Five views on Moody’s downgrade of China
By , 25 May 17
Asset managers comment on Moody’s decision to lower China’s sovereign credit rating by one notch to A1 from Aa3, with stable outlook.
Jim Veneau, Axa IM‘s head of Asia fixed income, Aidan Yao, senior emerging Asia economist, and Honyu Fung, senior portfolio manager at the firm, expect that the downgrade will have a limited impact on China’s fixed income market as well as individual bond issuers’ ratings.
“Given [various] tentative improvements and a clear intention by the government to control financial risks, we find the timing of Moody’s decision somewhat surprising,” they said in a commentary.

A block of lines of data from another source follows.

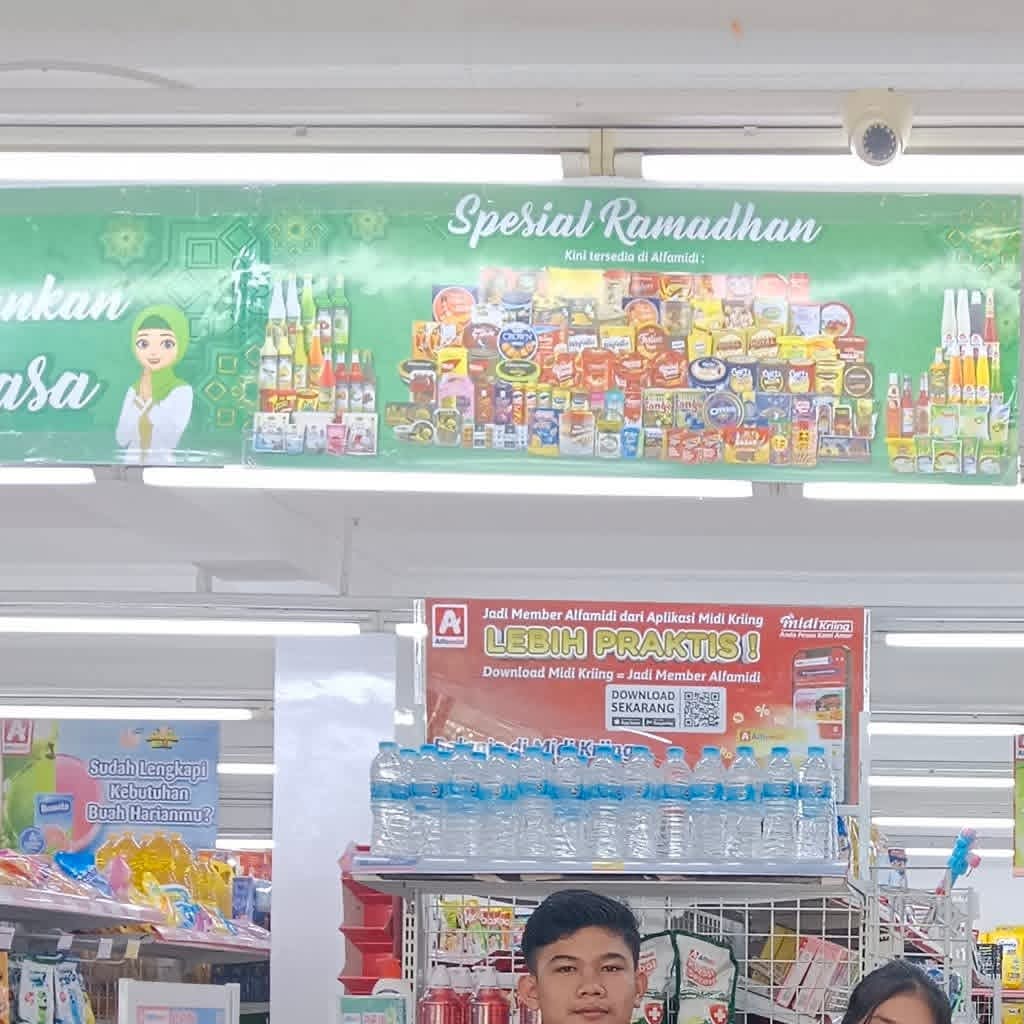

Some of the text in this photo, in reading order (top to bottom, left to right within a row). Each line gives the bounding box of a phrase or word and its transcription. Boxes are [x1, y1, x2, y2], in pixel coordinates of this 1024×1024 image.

[446, 194, 822, 248] Spesial Ramadhan
[565, 250, 588, 263] Kini
[590, 251, 634, 263] tersedia
[637, 251, 649, 263] di
[651, 252, 699, 264] Alfamidi
[482, 607, 764, 628] Jadi Member Alfamidi dari Aplikasi Midi Kriing
[485, 626, 587, 657] LEBIH
[595, 629, 740, 661] PRAKTIS
[483, 666, 545, 679] Download
[548, 667, 576, 679] Midi
[578, 668, 614, 682] Kriing
[626, 669, 652, 681] Jadi
[655, 670, 706, 682] Member
[709, 671, 761, 683] Alfamidi
[611, 689, 676, 701] DOWNLOAD
[611, 702, 676, 714] SEKARANG
[89, 759, 208, 781] Sudah Lengkapi
[110, 783, 190, 800] Kebutuhan
[88, 804, 126, 820] Buah
[130, 805, 214, 822] Harianmu?
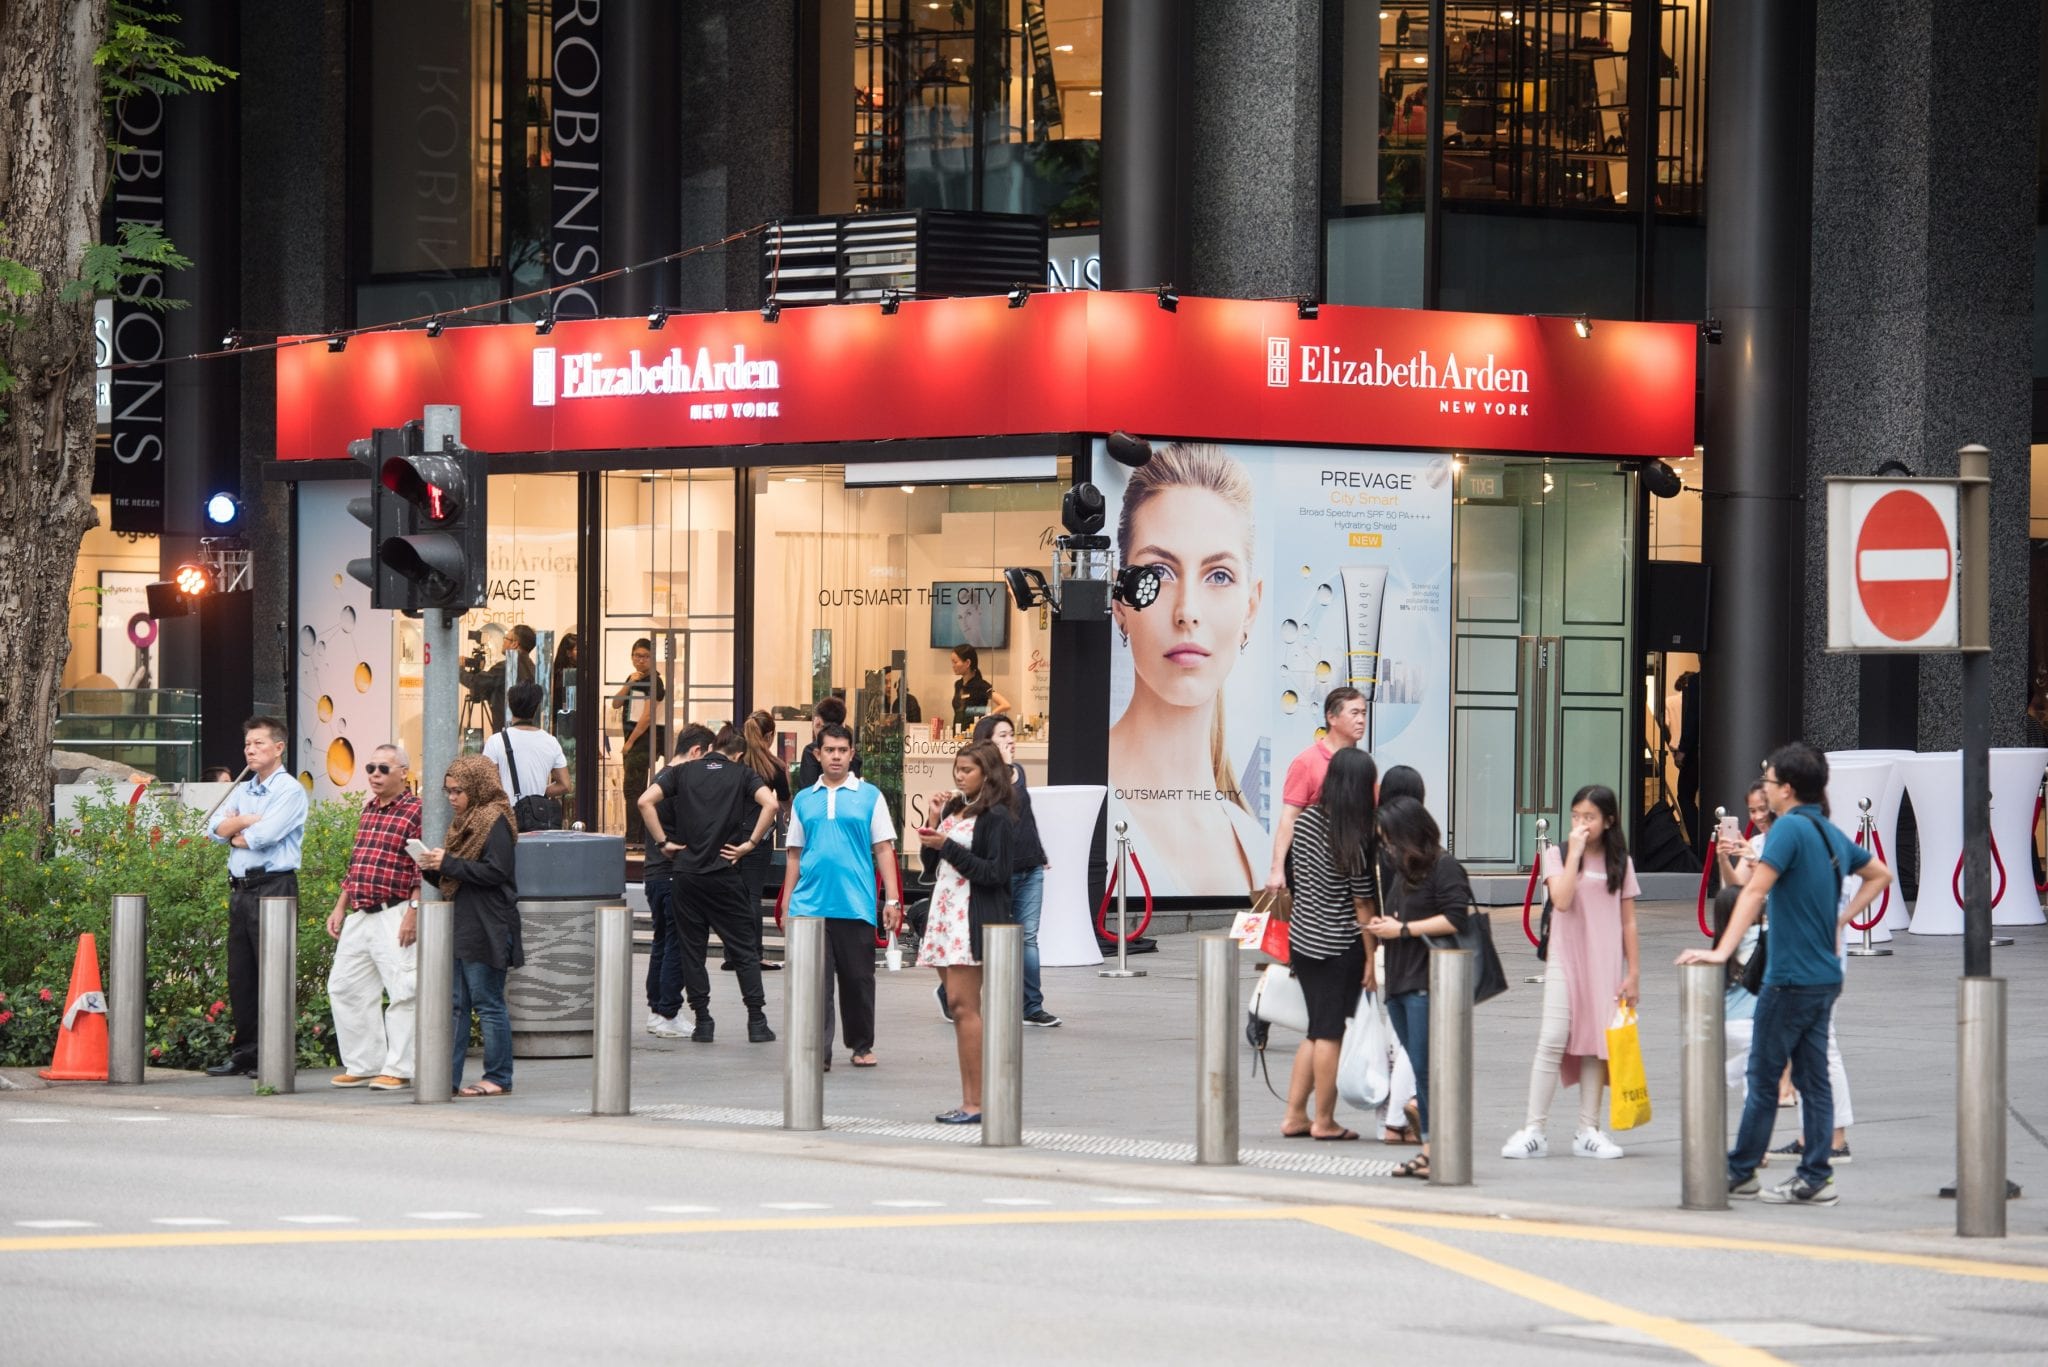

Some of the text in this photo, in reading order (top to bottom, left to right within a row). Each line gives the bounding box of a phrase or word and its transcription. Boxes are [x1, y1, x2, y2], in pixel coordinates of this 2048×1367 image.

[114, 55, 164, 465] OBISONS
[690, 402, 780, 421] NEW YORK
[1440, 400, 1529, 416] NEW YORK
[1321, 470, 1412, 490] PREVAGE
[1330, 491, 1400, 506] City Smart
[1299, 507, 1325, 517] Broad
[1326, 508, 1366, 519] Spectrum
[1367, 510, 1384, 519] SPF
[1386, 511, 1397, 519] 50
[1334, 520, 1397, 531] Hydrating Shield
[1352, 535, 1379, 545] NEW
[818, 587, 997, 607] OUTSMART THE CITY
[459, 608, 525, 625] ity Smart
[1114, 788, 1243, 801] OUTSMART THE CITY
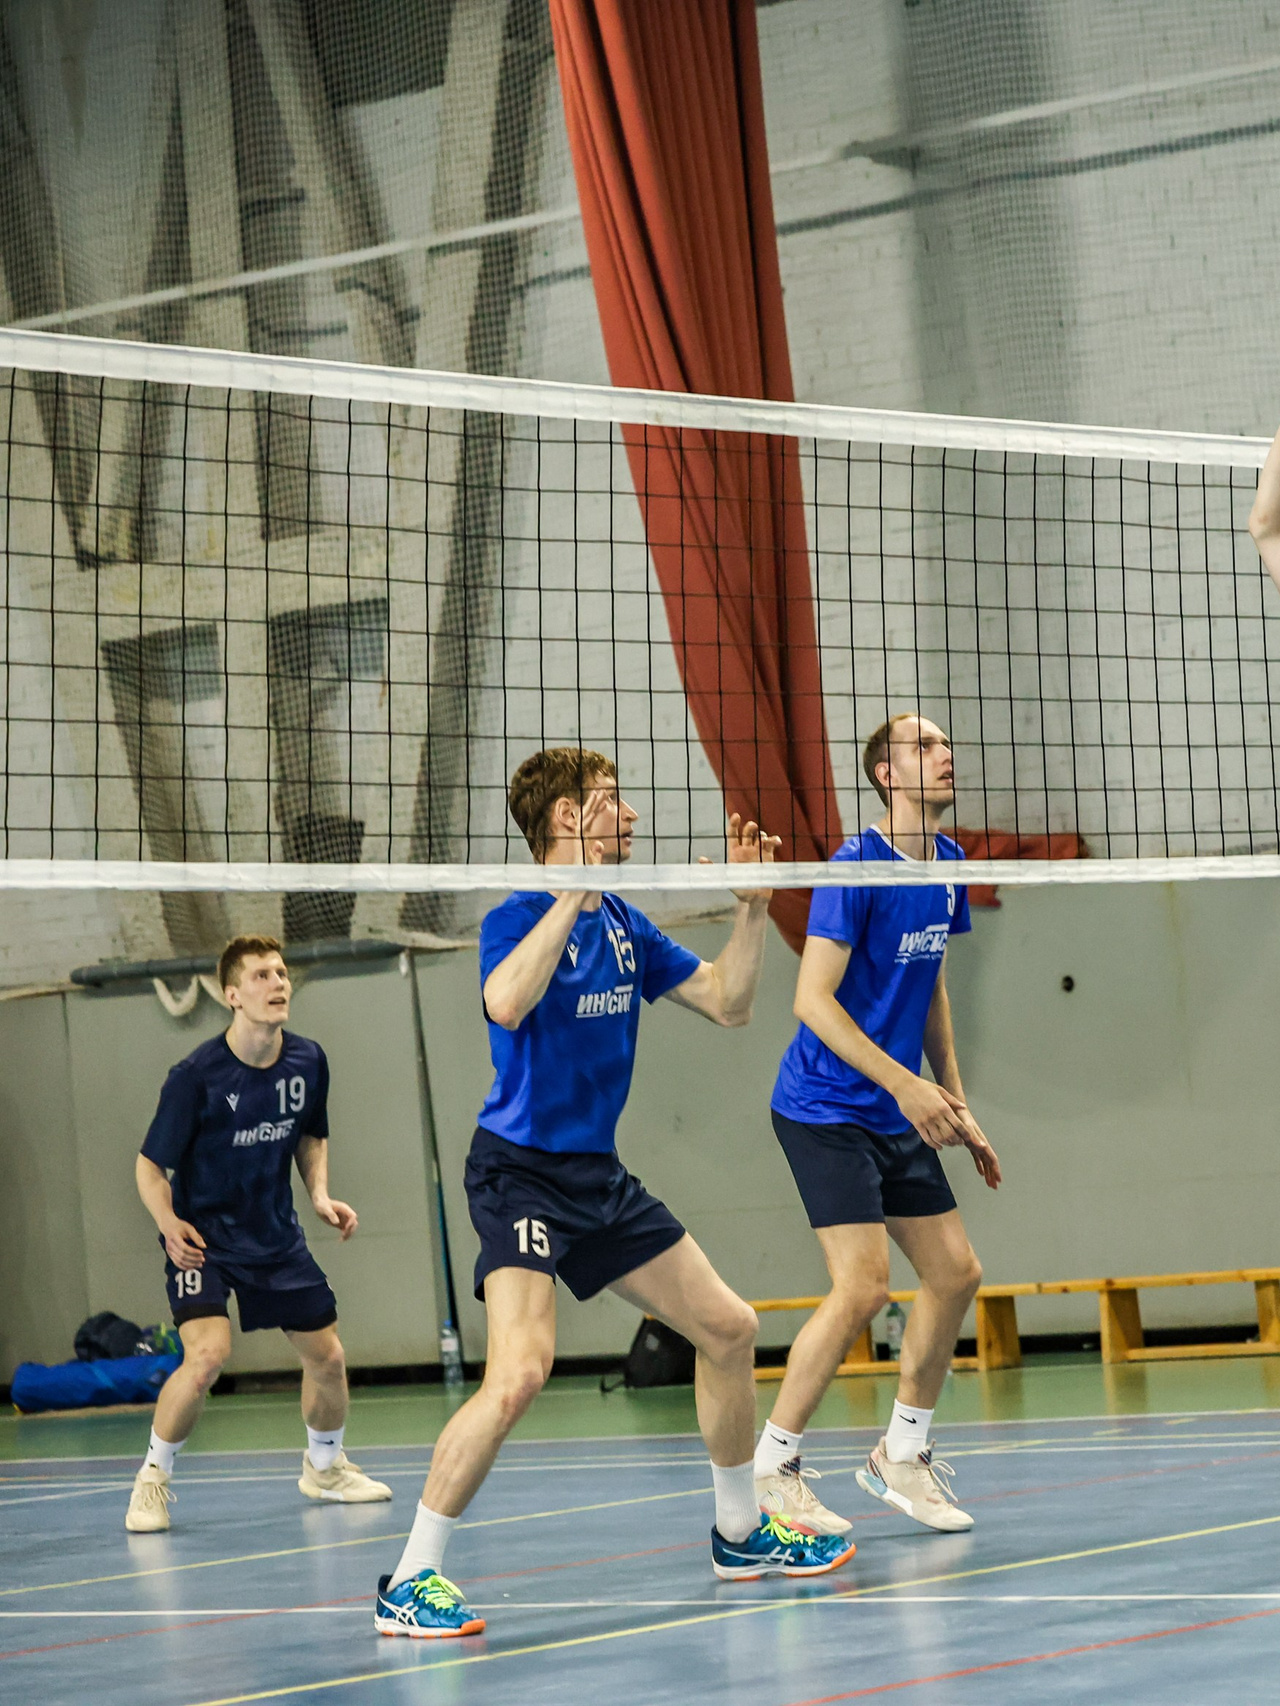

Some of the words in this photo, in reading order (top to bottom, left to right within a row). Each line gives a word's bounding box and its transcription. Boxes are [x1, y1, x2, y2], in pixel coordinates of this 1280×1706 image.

[607, 928, 637, 975] 15
[275, 1075, 306, 1115] 19
[512, 1216, 552, 1259] 15
[174, 1268, 203, 1299] 19

“The combination of current actions on financial deleveraging and long-term hopes on structural reforms is supportive to our cautiously constructive view on China, and is perhaps the key reason why Moody’s has placed China on outlook stable after today’s rating cut.”
The effect on the onshore bond market is likely to be negligible as onshore participants indicate they pay limited attention to Moody’s or other rating agencies, they noted.
For hard currency Chinese credits, “Chinese investors are large holders and represent the likely demand for Chinese credit, so expect them to remain unfazed by the downgrade and to be the probable bidders”, they continued.
“There may be some rating impact on state-owned enterprises, but it should be case by case and not necessarily a matching one-notch downgrade.”
However, there might be some selling in some global Chinese credits such as the internet and oil companies.